§ Provided information:
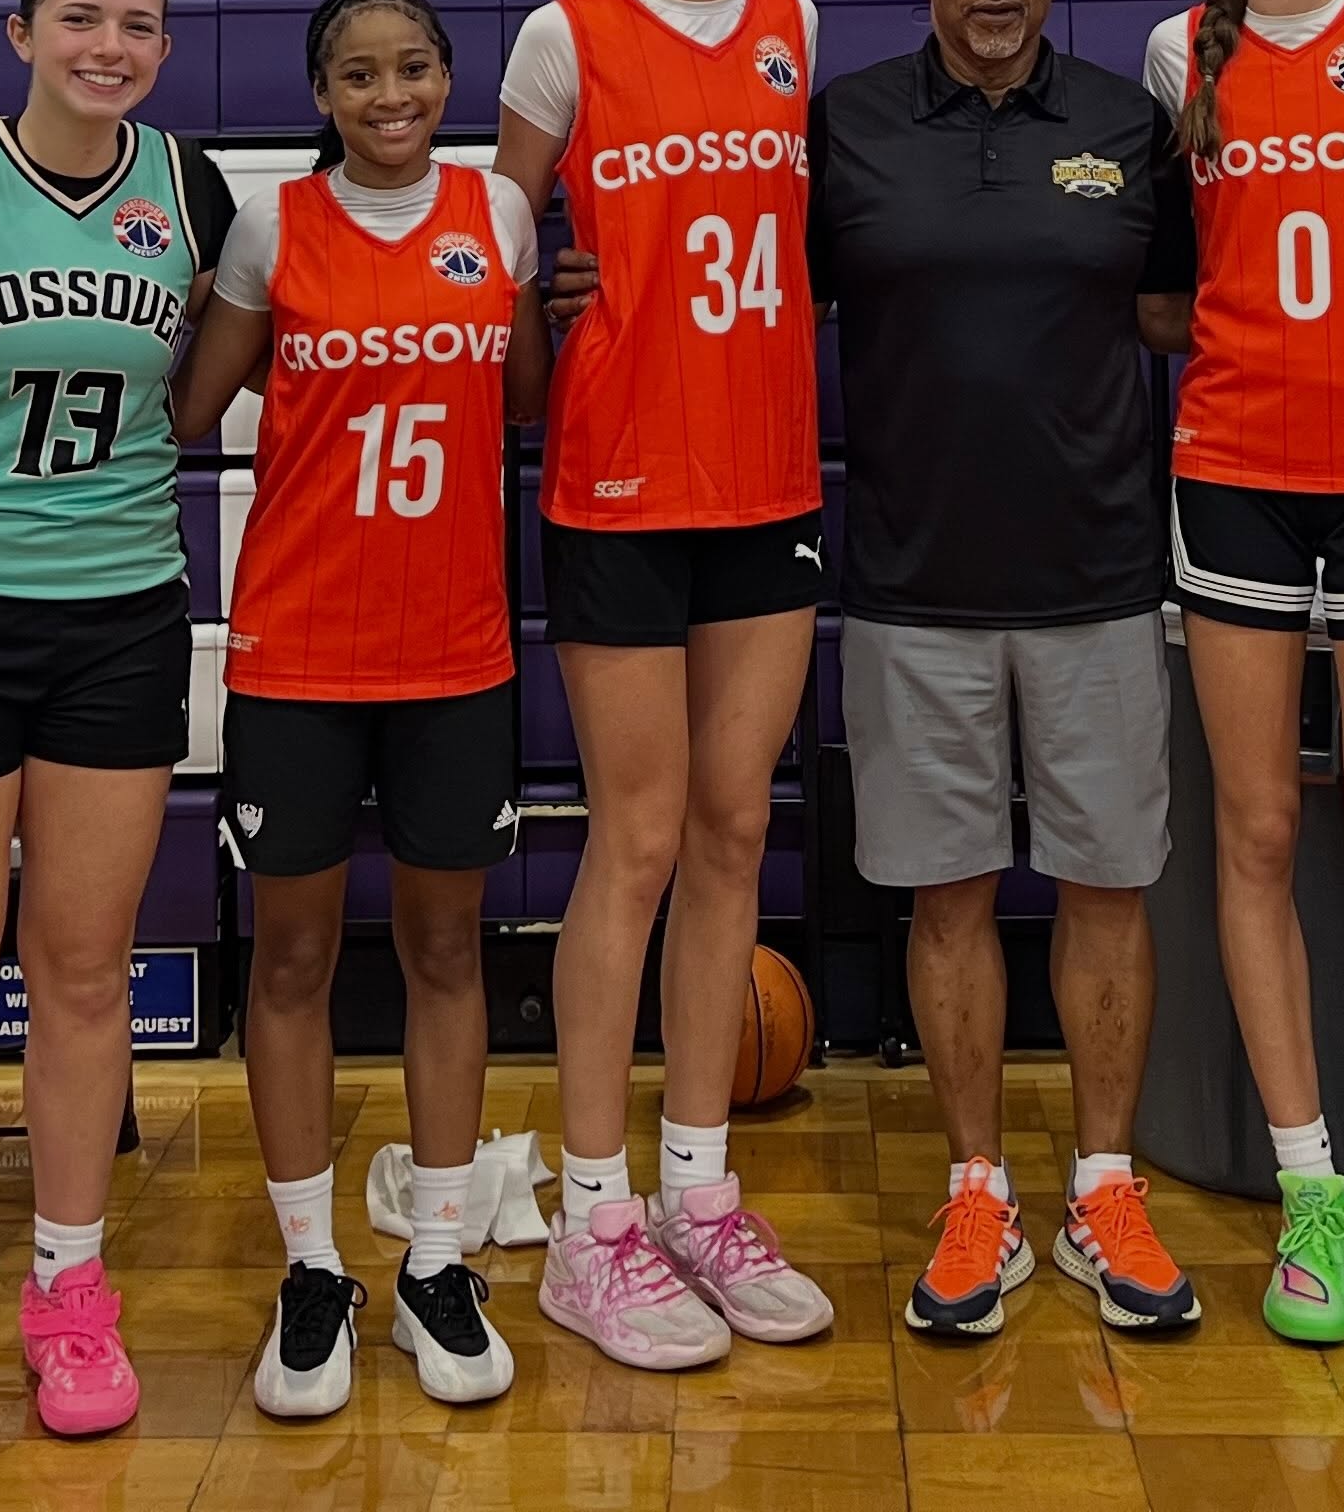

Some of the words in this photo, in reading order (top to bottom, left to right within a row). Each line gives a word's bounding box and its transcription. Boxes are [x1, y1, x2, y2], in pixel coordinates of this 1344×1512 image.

[592, 129, 809, 190] CROSSOVE
[686, 213, 782, 334] 34
[1277, 210, 1331, 320] 0
[281, 323, 511, 371] CROSSOVE
[9, 369, 125, 478] 13
[348, 403, 447, 518] 15
[131, 1017, 191, 1033] QUEST
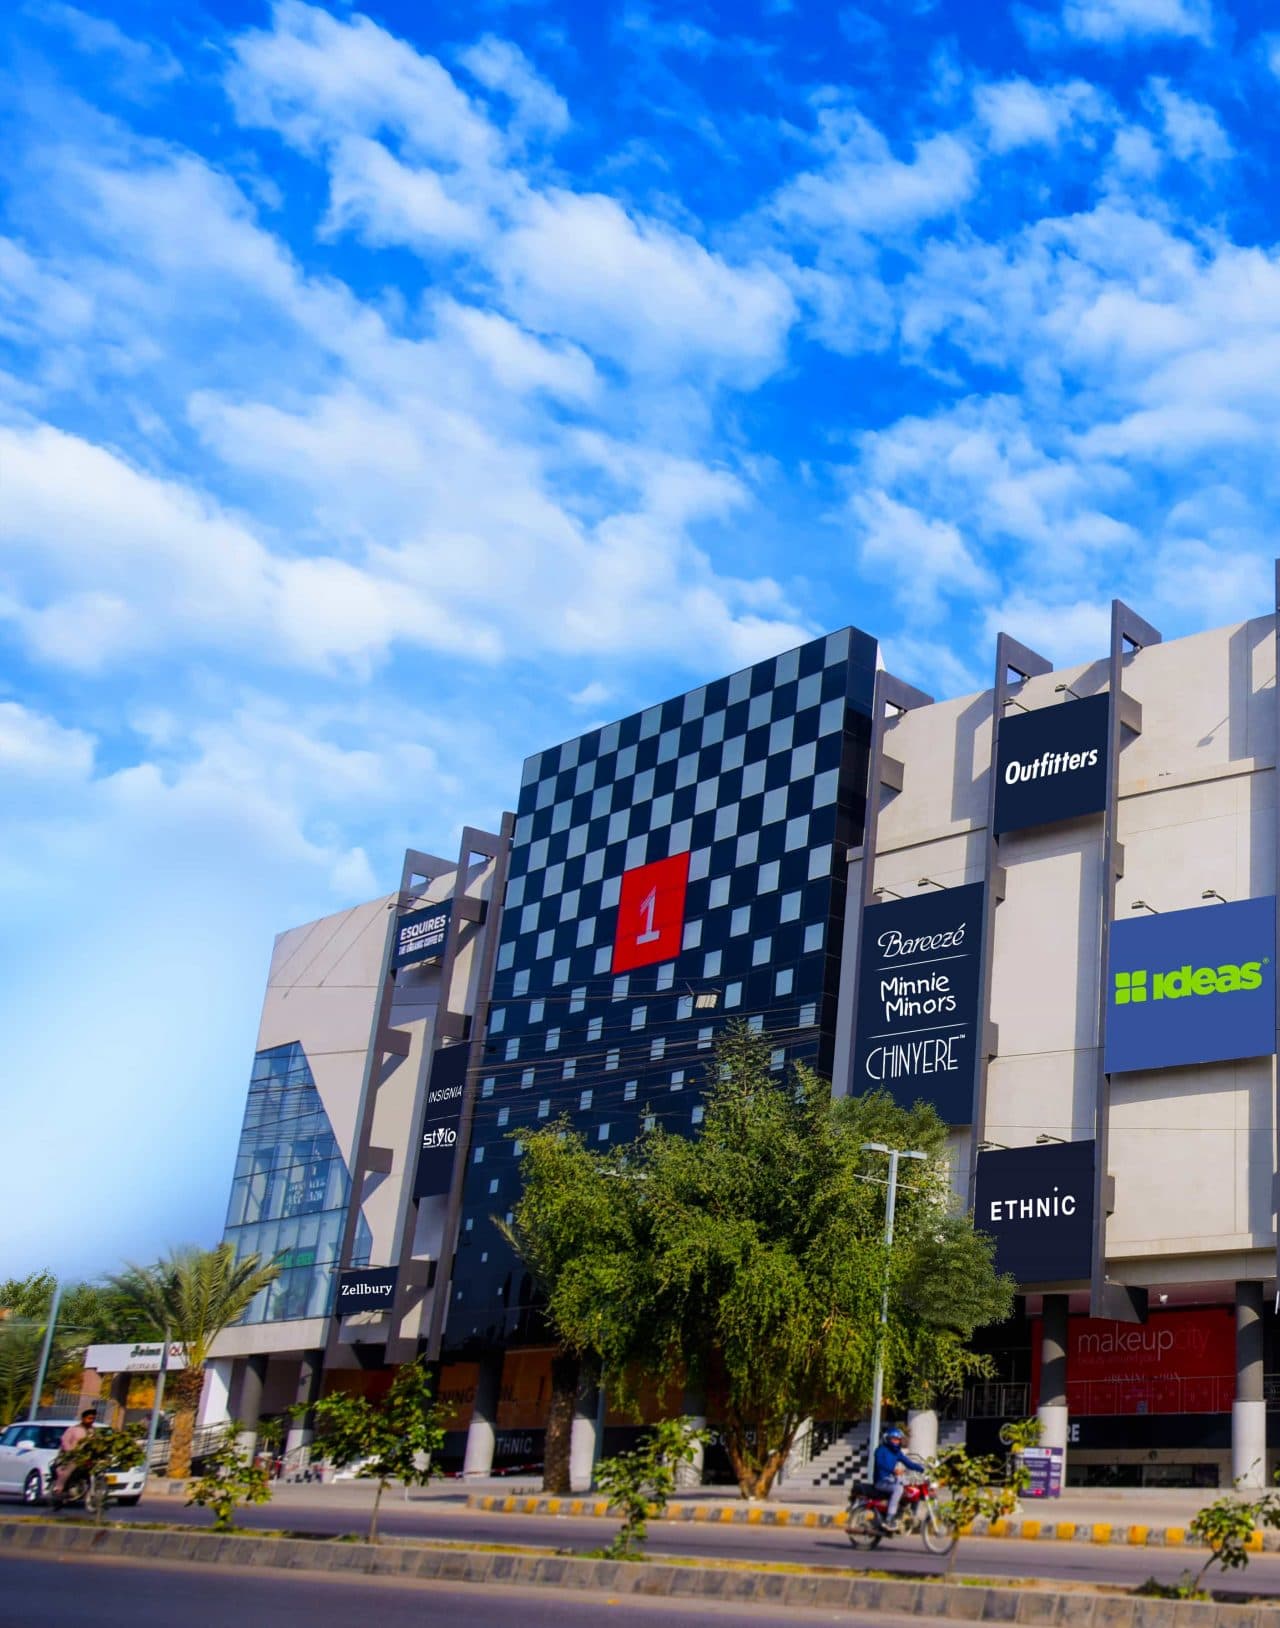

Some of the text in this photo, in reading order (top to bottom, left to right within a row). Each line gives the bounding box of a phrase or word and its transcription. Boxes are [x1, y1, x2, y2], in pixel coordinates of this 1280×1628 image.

[1004, 749, 1098, 785] Outfitters
[400, 914, 447, 941] ESQUIRES
[636, 885, 660, 945] 1
[877, 922, 966, 957] Bareezé
[880, 972, 950, 1002] Minnie
[1152, 961, 1263, 1000] ideas
[885, 995, 956, 1022] Minors
[428, 1085, 463, 1103] INSIGNIA
[423, 1128, 457, 1147] stylo
[341, 1283, 392, 1296] Zellbury
[495, 1431, 533, 1456] THNIC
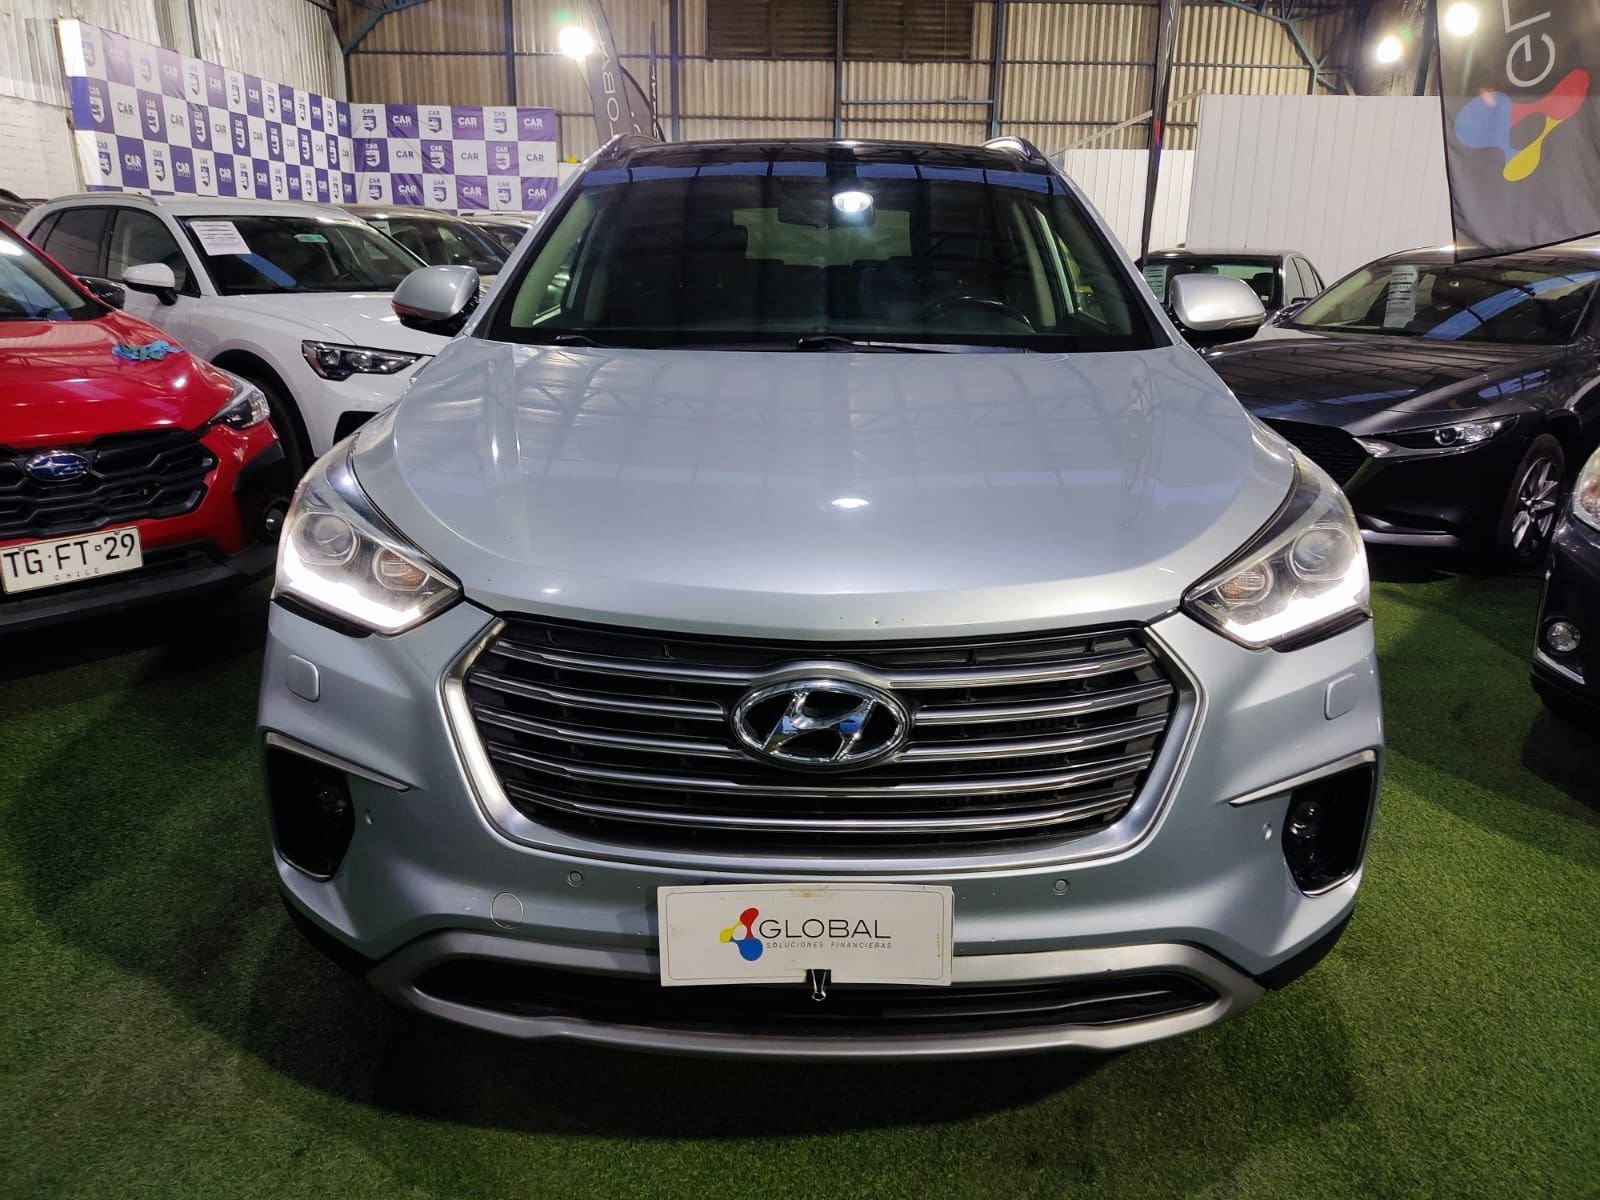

§ Your objective: Repeat the material above in full and exactly, omitting the pictures.

§ Exercise answer:
Some of the words in this photo, in reading order (top to bottom, left to right within a row). Each line gives a word's bounding box and its transcription. Boxes are [x1, y1, x2, y2], in pixel coordinates of this 1344×1512 image.

[592, 129, 809, 190] CROSSOVE
[686, 213, 782, 334] 34
[1277, 210, 1331, 320] 0
[281, 323, 511, 371] CROSSOVE
[9, 369, 125, 478] 13
[348, 403, 447, 518] 15
[131, 1017, 191, 1033] QUEST

Some of the text in this photo, in reading order (top to bottom, left to right within a row). Each line gives the bounding box of a phrase or word and its transcription. Boxes are [x1, y1, x2, y2], in pixel coordinates of this 1280×1628 image.

[1004, 749, 1098, 785] Outfitters
[400, 914, 447, 941] ESQUIRES
[636, 885, 660, 945] 1
[877, 922, 966, 957] Bareezé
[880, 972, 950, 1002] Minnie
[1152, 961, 1263, 1000] ideas
[885, 995, 956, 1022] Minors
[428, 1085, 463, 1103] INSIGNIA
[423, 1128, 457, 1147] stylo
[341, 1283, 392, 1296] Zellbury
[495, 1431, 533, 1456] THNIC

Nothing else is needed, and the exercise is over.